* Work instructions *
Quote exactly, and only, the lines from the one with "this 1600×1067 image." through the end of the listing.

* Data for analysis *
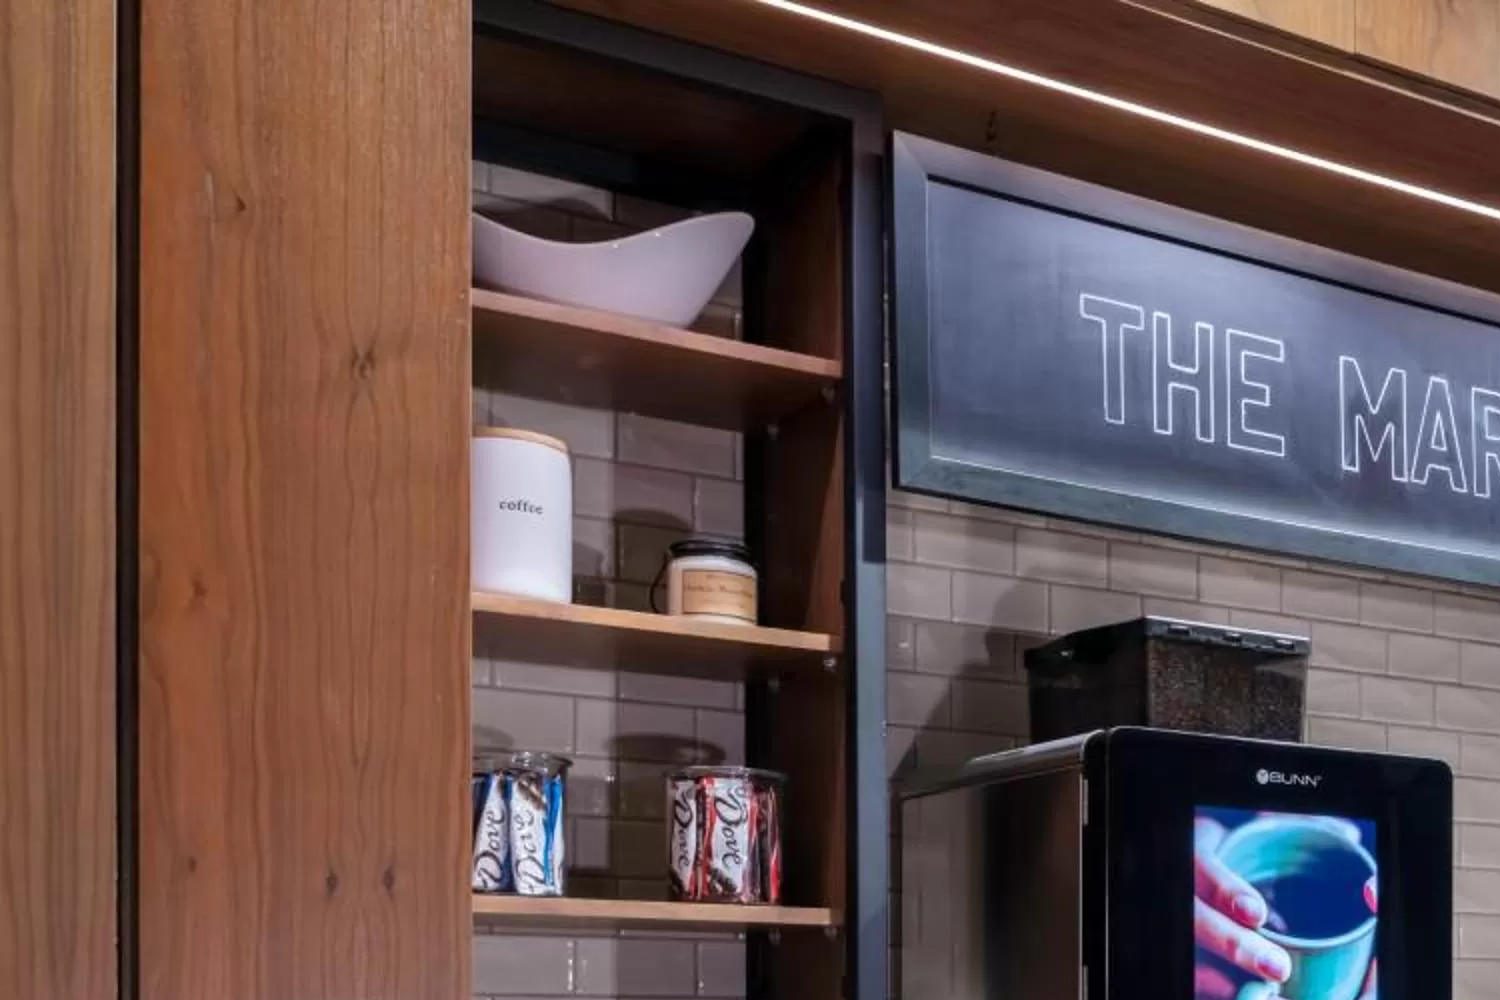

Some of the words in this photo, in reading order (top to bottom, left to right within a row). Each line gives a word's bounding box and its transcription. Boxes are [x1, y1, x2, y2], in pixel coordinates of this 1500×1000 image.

[1079, 292, 1286, 457] THE
[498, 499, 545, 515] coffee
[1269, 770, 1318, 788] BUNN
[714, 785, 748, 870] Dove
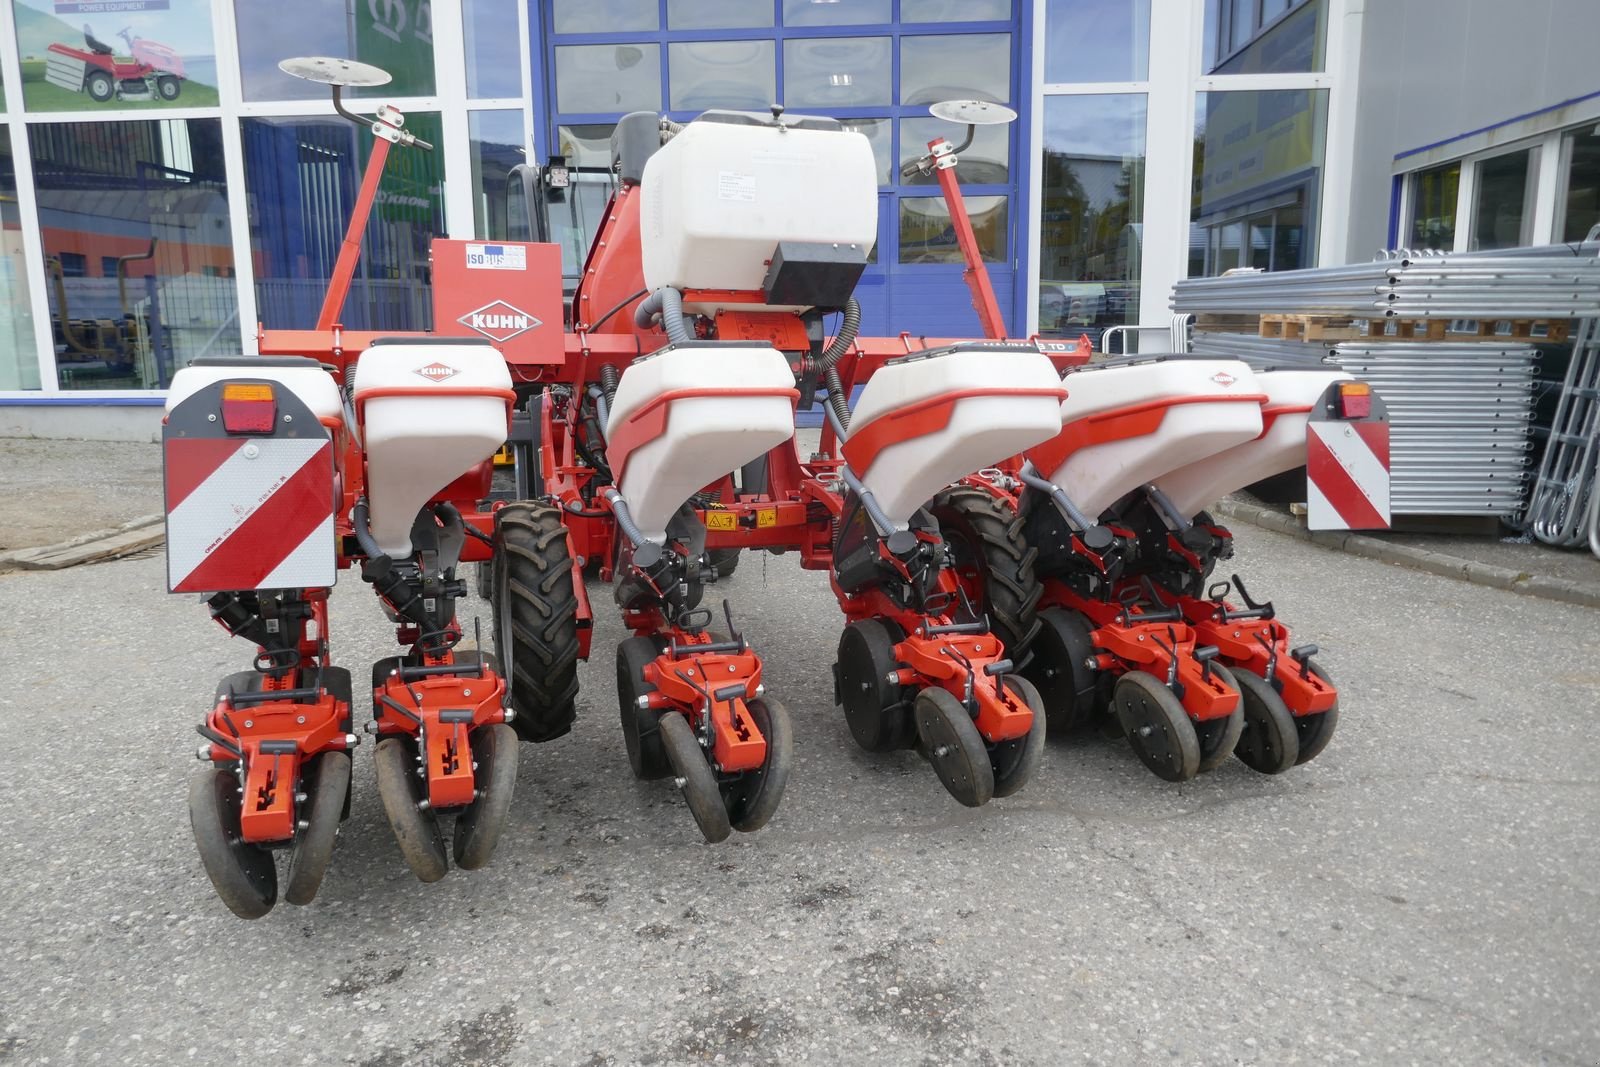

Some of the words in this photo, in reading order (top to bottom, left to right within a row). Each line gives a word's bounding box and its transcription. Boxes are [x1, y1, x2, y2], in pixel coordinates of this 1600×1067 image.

[79, 4, 103, 12] POWER
[106, 2, 145, 11] EQUIPMENT
[472, 314, 528, 329] KUHN
[421, 367, 453, 375] KUHN

* Reply *
Some of the words in this photo, in reading order (top to bottom, left to right within a row). Each line gives a word's bounding box and its transcription. Boxes are [x1, y1, x2, y2], in pixel coordinates of this 1600×1067 image.

[79, 4, 103, 12] POWER
[106, 2, 145, 11] EQUIPMENT
[472, 314, 528, 329] KUHN
[421, 367, 453, 375] KUHN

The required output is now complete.